▸ What the task requires
A partial copy is required: transcribe exactly the lines from the one containing "Some of the words" through the last line below, without any pictures.

[Collected data entries]
===

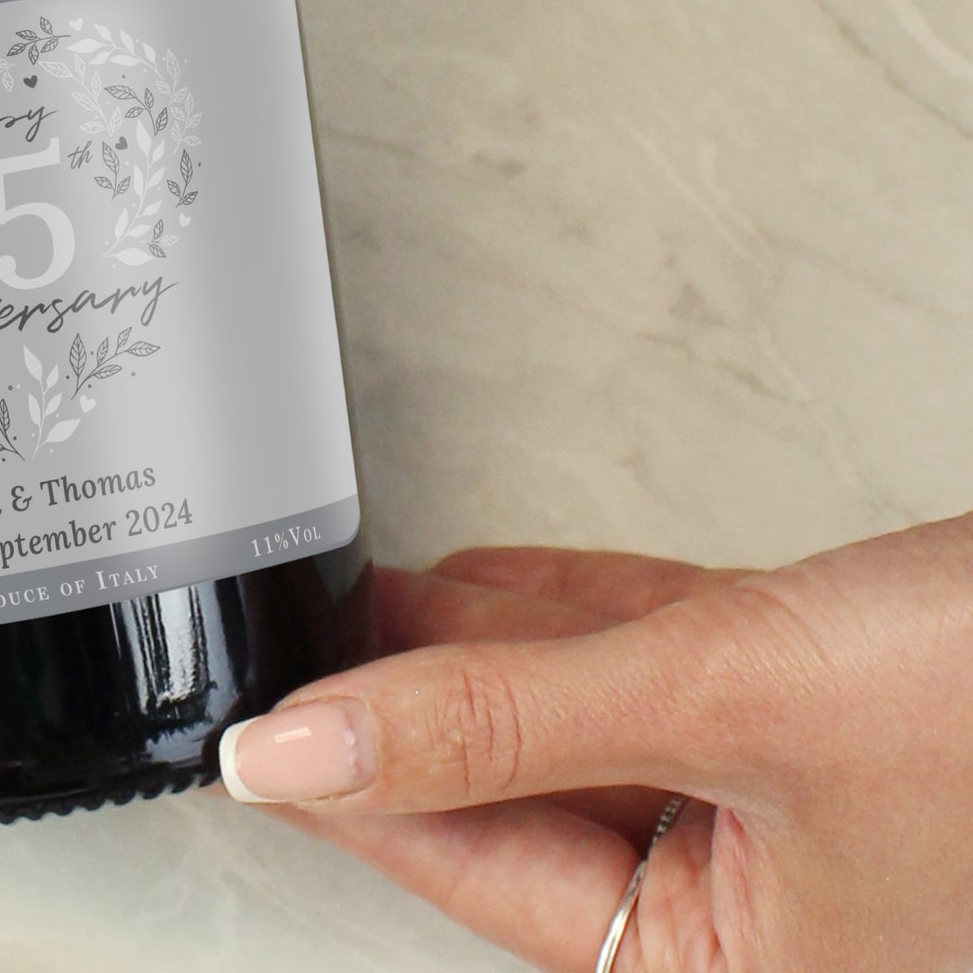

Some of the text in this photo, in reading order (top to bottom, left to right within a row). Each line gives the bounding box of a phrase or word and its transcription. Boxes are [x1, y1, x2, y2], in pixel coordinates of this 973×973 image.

[10, 485, 33, 512] &
[39, 467, 157, 507] Thomas
[125, 498, 193, 537] 2024
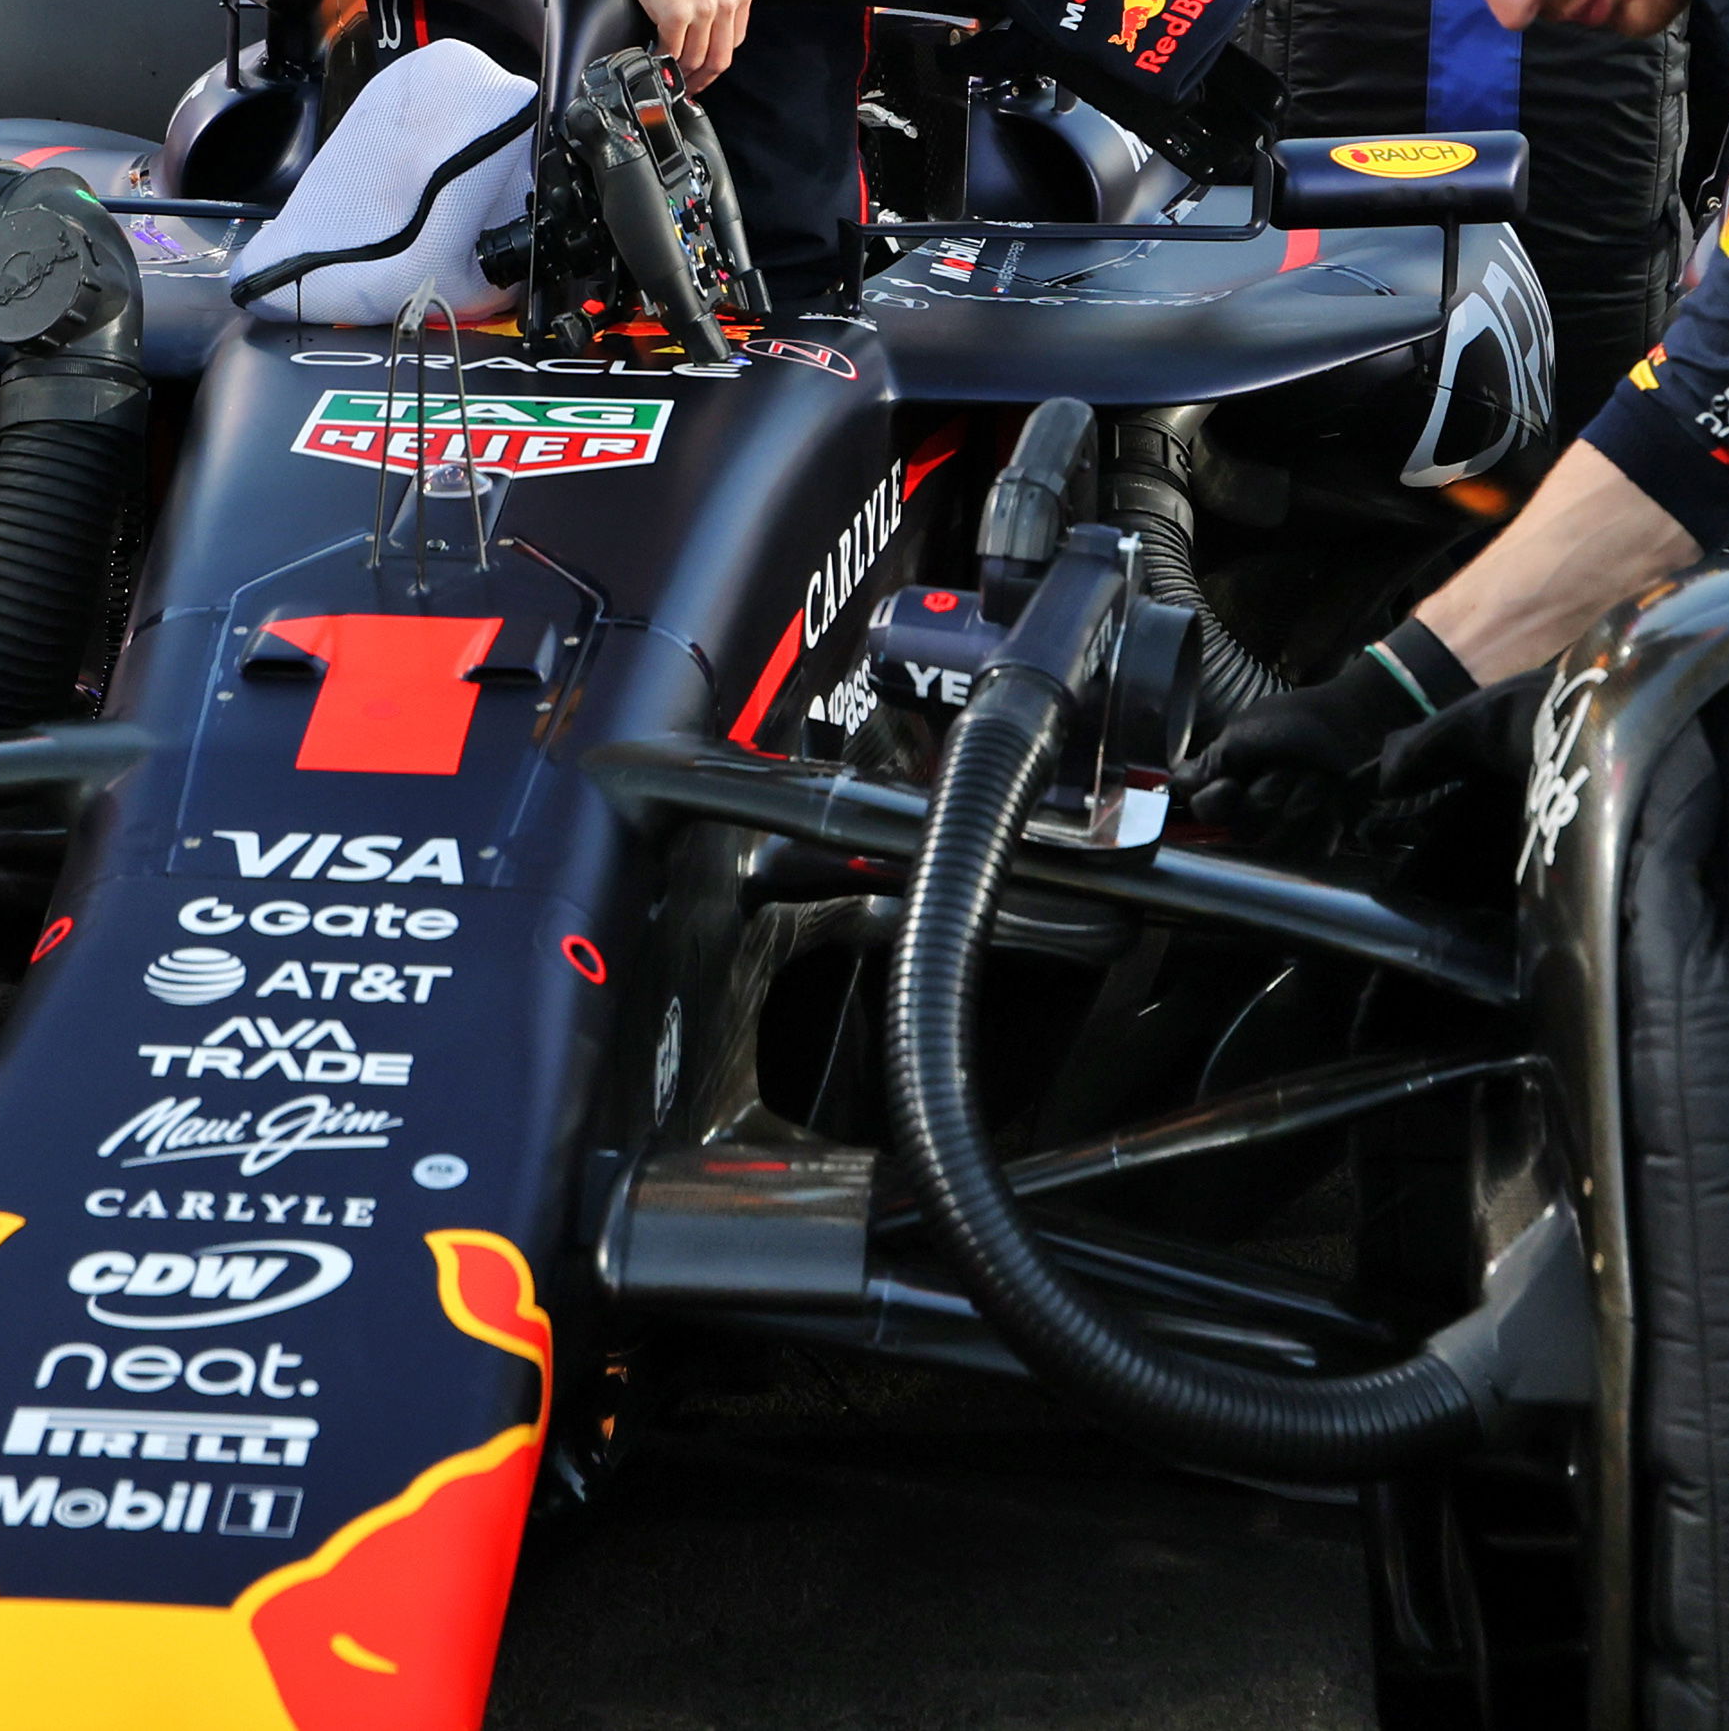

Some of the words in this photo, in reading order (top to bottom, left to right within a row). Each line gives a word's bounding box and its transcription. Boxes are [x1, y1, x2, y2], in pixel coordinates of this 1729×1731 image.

[1369, 142, 1461, 167] RAUCH
[289, 350, 753, 379] ORACLE
[350, 398, 637, 426] TAG
[319, 428, 639, 466] HEUER
[804, 457, 903, 650] CARLYLE
[259, 613, 504, 776] 1
[904, 660, 973, 707] YE
[213, 829, 465, 885] VISA
[255, 960, 453, 1004] AT&T
[202, 1016, 357, 1052] AVA
[138, 1045, 414, 1085] TRADE
[97, 1096, 252, 1158] Maui
[239, 1093, 404, 1177] Jim
[84, 1188, 377, 1227] CARLYLE
[3, 1406, 319, 1466] PIRELLI
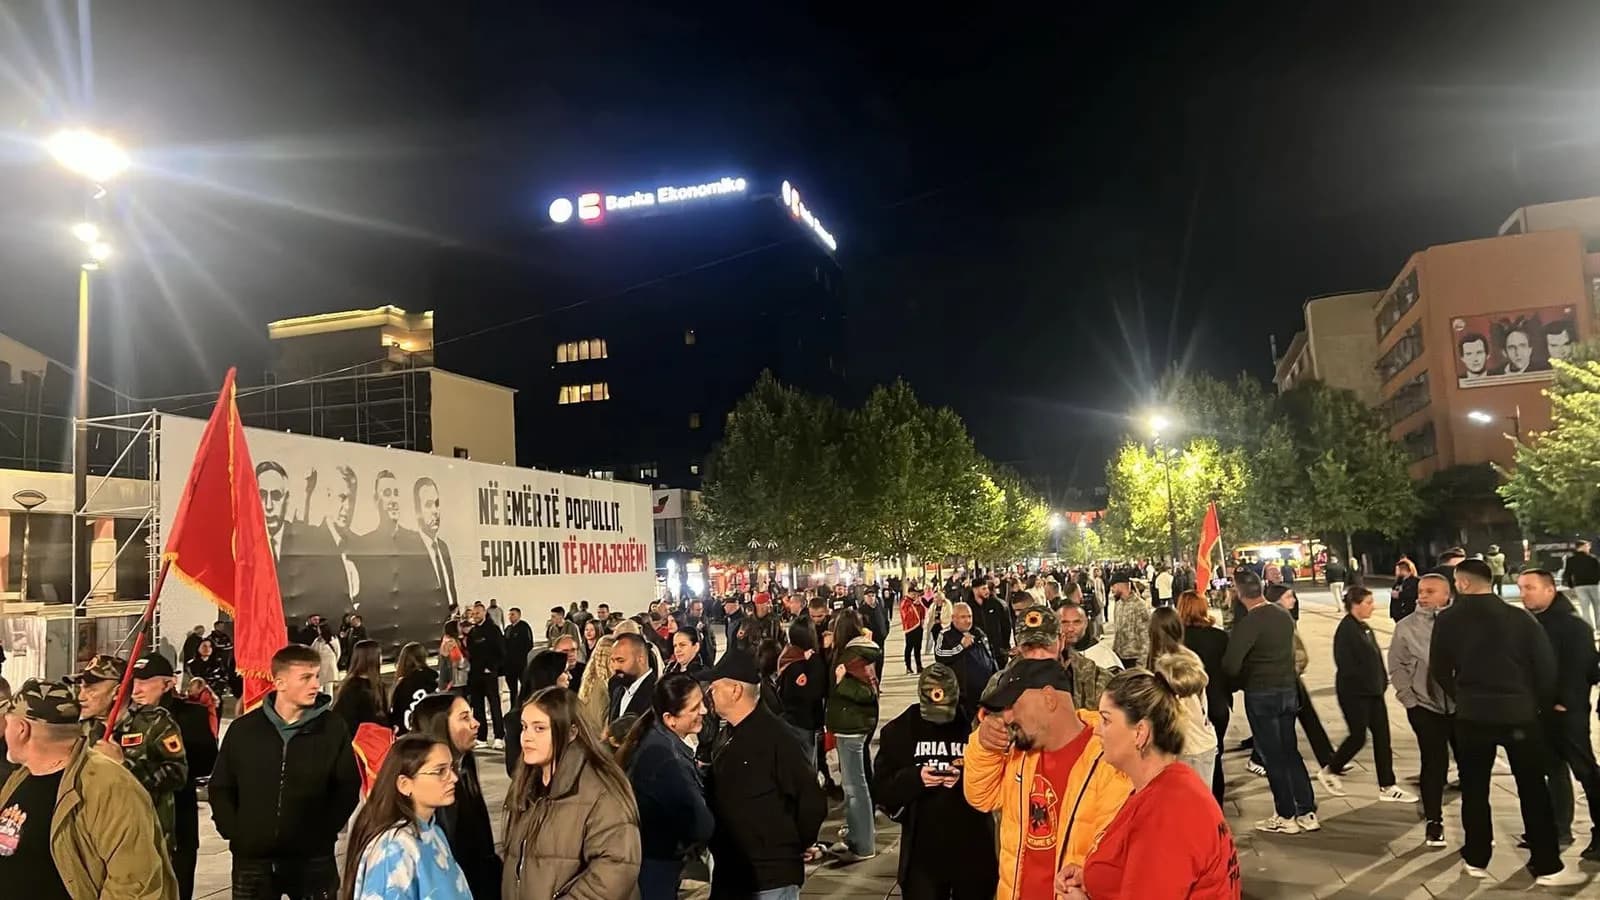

===

▸ Answer to the exercise
Some of the words in this photo, in reading order (top to bottom, left to right within a row). Each line gives a word's bounding box and its transcription. Boxes are [x1, y1, x2, y2], in pixel coordinates of this 1729×1731 image.

[1369, 142, 1461, 167] RAUCH
[289, 350, 753, 379] ORACLE
[350, 398, 637, 426] TAG
[319, 428, 639, 466] HEUER
[804, 457, 903, 650] CARLYLE
[259, 613, 504, 776] 1
[904, 660, 973, 707] YE
[213, 829, 465, 885] VISA
[255, 960, 453, 1004] AT&T
[202, 1016, 357, 1052] AVA
[138, 1045, 414, 1085] TRADE
[97, 1096, 252, 1158] Maui
[239, 1093, 404, 1177] Jim
[84, 1188, 377, 1227] CARLYLE
[3, 1406, 319, 1466] PIRELLI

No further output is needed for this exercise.